AM243x and AM64x: Safety Diagnostics and Examples

TI’s AM243x microcontrollers and AM64x processors were specifically designed to support functional safety in a wide range of applications including Programmable Logic Controllers (PLCs), motor control, industrial communication gateways, and robotics. The AM243x and AM64x series have device options targeting SIL-2 random fault capability (≤ 100 FIT of dangerous undetected faults) and SIL-3 systematic capability. At the system-level, when combined with an external safety processor, the AM243x and AM64x can assist system integrators in achieving up to SIL-3 HFT = 1. Hardware Fault Tolerance (HFT) = 1 means the system can maintain the safety concept in the event of a single point hardware failure.

To meet SIL-2 random fault metrics, the AM243x and AM64x make extensive use of safety diagnostics. Device-level safety diagnostics fall into 3 categories as shown in Figure 5-1.

AM6442 Safety Diagnostics CategoriesFigure 5-1 Safety Diagnostics Categories

Single-Error Correcting Double-Error Detecting (SECDED) is a common hardware diagnostic used to detect memory errors. This diagnostic does exactly as the name implies, correcting single-bit memory errors and detecting 2-bit and even some 3-bit memory errors. Both the AM243x and AM64x have SECDED on all on-chip memories.
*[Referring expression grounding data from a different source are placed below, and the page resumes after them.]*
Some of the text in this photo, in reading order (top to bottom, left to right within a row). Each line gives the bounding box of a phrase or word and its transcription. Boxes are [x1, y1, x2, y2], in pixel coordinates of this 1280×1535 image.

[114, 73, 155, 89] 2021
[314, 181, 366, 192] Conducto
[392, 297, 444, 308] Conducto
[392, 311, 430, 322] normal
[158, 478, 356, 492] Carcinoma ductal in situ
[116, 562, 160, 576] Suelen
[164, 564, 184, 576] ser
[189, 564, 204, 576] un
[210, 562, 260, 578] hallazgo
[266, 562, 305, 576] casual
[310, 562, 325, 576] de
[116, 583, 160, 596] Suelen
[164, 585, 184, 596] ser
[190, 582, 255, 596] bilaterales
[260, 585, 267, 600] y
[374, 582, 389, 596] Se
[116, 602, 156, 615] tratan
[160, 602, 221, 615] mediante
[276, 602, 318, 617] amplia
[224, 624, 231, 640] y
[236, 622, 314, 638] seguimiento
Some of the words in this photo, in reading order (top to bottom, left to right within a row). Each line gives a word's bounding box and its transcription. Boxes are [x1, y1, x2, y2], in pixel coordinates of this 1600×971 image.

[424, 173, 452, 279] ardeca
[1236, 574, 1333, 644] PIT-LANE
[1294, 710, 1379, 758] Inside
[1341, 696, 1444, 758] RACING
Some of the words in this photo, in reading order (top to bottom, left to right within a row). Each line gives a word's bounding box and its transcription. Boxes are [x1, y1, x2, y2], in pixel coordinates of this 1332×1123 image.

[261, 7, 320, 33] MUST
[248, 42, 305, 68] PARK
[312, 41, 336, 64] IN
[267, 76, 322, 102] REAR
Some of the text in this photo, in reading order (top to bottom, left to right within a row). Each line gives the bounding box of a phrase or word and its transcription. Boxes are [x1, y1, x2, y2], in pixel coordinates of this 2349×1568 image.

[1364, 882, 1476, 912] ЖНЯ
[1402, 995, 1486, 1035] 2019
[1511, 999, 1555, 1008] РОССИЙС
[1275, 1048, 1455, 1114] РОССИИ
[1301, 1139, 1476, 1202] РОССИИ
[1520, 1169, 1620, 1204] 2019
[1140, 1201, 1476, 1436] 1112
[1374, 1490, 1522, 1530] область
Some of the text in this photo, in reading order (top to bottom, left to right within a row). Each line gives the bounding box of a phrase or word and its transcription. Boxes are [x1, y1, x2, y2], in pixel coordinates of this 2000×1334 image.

CRC or Cyclic Reduction Check is a software diagnostic used to detect data transmission errors. A CRC value is calculated based on the data packet prior to transmission and then re-calculated at the receiving end. If the calculations do not match, the data was corrupted during the transmission. Both calculations are done in software and implementing the software is the responsibility of the system integrator.

An example of a hardware + software diagnostics is an internal watchdog timer. Watchdog timers are counters implemented in silicon that count down from an initial value to zero. The processor being monitored runs a program that periodically resets the watchdog timer, preventing the timer from ever reaching zero. If the watchdog reaches zero, the assumption is the processor has locked up and needs to be reset, put into a safe state, or be reset and put into a safe state.

All safety faults are routed to AM64x and AM243x Error Signaling Module (ESM), providing a centralized fault management and reporting system. The ESM module classifies errors based on severity and allows the system integrator to program the response to each error. Response options include asserting the Safety Error pin (Figure 6-3), generating a high- or low-priority interrupt, or asserting the Safety Error pin and generating an interrupt.

A complete list of hardware and software diagnostics supported by the AM243x and AM64x can be found in the functional safety manual.